SoftBank pumps in Rs1,675 cr into Ola

15 Apr 2017


Japanese investor SoftBank has pumped in about Rs1,675 crore ($250-260million) in fresh funding in Indian cab-hailing start-up Ola, giving it more ammo in its fight with American rival Uber for market share.

SoftBank subsidiary SIMI Pacific Pte has picked up 12,97,945 shares of Rs10 each at a premium of Rs12,895 in ANI Technologies - the parent company of Ola, regulatory filings with the Registrar of Companies showed.

While Ola has earlier decided to raise fresh funds from existing shareholders, none of the other investors seems to have participated in the latest funding round.

Softbank, which is planning to divest stake in e-commerce firm Snapdeal, is looking for alternative channels for its heavy investments in India.

Reports said the allotment of shares were done in November last year. However, it is not known whether this is part of a larger round of funding.

Although the valuation of Ola in the latest funding round is not known, it believed to have come at a lower valuation. In the previous round, in August 2015, it was valued at $4.8 billion. However, media reports in February pegged its valuation at around $3.5 billion.

The new round of funding by SoftBank would also reassert its position as the largest shareholder in Ola. SoftBank held an estimated 22.5 per cent stake in Ola, followed by Tiger Global (20.5 per cent).

Founded by Bhavish Aggarwal and Ankit Bhati in 2010, Ola has so far raised a little over $1.4 billion (including the new funding round) from investors such as Tiger Global and Matrix Partners. This includes $500 million in a Series F round from Scottish investment firm Baillie Gifford, China's Didi Chuxing and other investors in November 2015.

Earlier it had raised $400 million in a Series E round led by DST Global in April 2015 and $210 million in its Series D round led by SoftBank in October 2014.

According to sources, the move comes at a time when Softbank is working on selling Snapdeal, an e-commerce platform it invested heavily in India, to larger rival Flipkart.

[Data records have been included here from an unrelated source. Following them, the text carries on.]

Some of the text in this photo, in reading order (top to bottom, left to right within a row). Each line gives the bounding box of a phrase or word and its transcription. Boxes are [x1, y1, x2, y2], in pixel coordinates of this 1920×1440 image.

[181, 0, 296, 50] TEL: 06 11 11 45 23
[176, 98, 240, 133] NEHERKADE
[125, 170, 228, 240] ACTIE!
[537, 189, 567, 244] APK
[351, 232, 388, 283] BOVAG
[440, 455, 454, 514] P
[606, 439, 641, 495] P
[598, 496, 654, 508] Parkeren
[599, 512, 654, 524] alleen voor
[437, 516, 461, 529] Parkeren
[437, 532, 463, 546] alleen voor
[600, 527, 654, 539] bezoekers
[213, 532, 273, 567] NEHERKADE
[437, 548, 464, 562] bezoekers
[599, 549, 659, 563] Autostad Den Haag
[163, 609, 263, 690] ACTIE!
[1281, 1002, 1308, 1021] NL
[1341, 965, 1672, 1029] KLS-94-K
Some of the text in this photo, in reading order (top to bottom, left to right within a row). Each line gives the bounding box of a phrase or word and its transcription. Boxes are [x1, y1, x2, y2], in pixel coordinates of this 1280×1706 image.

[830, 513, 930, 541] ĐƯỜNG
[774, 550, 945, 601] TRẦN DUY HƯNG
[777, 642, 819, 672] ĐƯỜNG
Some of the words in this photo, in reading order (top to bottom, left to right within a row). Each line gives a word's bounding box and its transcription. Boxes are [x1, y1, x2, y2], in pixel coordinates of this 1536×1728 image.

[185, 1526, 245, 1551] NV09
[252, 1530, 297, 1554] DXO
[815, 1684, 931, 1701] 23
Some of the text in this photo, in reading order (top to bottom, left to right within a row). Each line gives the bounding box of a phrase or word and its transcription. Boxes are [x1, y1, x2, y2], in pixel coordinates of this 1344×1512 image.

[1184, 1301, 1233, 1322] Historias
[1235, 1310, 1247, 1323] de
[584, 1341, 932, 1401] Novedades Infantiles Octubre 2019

The Bengaluru-based firm was aggressively looking at raising funds to compete with Uber, which, after losing its Chinese business to Didi last year, has now set sights on making India its top priority.

Though Indian Internet companies have seen a boom in user base, their valuations have come down as investors are now focussing on path to profitability and building a sustainable business model.

However, the pumping of private equity and venture capitalist funds have made start-ups a cash-burning affair - a big concern for investors.

Earlier this week, India's largest e-commerce firm Flipkart had raised $1.4 billion from Tencent, eBay and Microsoft in a round that saw its valuation fall from $15 billion to $11.6 billion now.